My favourite things about September were dry stone walling with the Magnificent Meadows group and the dry stone walling association, and experiencing the life of a bat surveyor for a few days!
I did spend most of my time picking up stones and putting them back down again on the dry stone walling days, but I have been reassured it takes time to get your eye in and find the perfect stone for the gap so I’m not too disheartened! We also found a great crested newt which was really exciting, we re-homed her on a more secure section of wall close by.
Great-crested Newt Working hard on the dry stone walling days
I was lucky to visit our Wadbury bat house with qualified bat workers Dave Cottle and Adel Avery to carry out the annual survey.

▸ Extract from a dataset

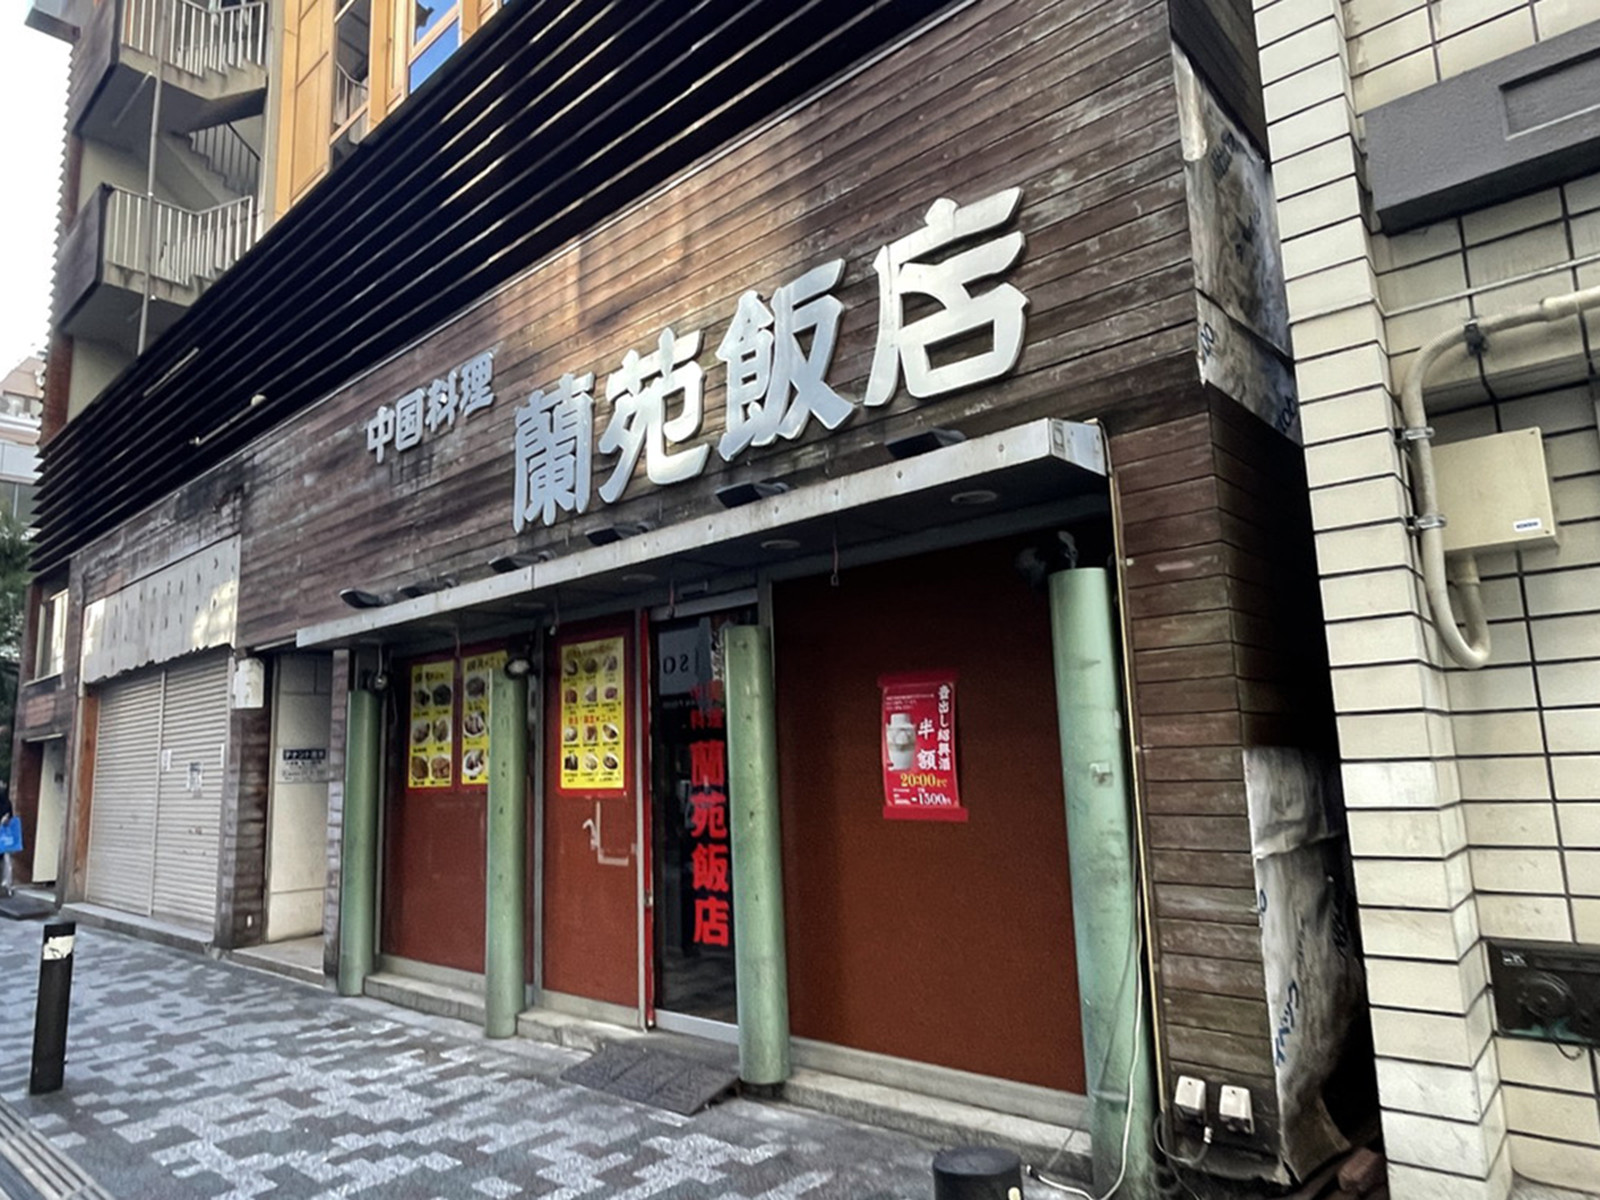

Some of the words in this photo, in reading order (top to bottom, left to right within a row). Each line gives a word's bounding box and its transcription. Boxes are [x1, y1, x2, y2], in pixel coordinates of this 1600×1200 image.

[366, 351, 495, 463] 中国料理
[512, 186, 1030, 534] 蘭苑飯店
[690, 740, 730, 947] 蘭苑飯店

We found Greater and Lesser Horseshoe bats which were in torpor so we were able to take their ring numbers without disturbing them too much. It was amazing to get so close to these wonderful little mammals.
I took part in dawn emergence and dusk re-entry surveys for First Ecology along with Abi and Ralph. This involved watching certain key points on the building we were surveying and noting down any bat activity. We used bat detectors and a recorder to capture the echolocation and try to determine what the bats were doing - for instance, commuting or feeding. The purpose of the survey was to see how the bats were using an old caretakers cottage, as the school are looking to knock it down so they can expand. First Ecology will analyse the findings but said it looks like an end of summer roost so hopefully work will be able to take place at a different time of year.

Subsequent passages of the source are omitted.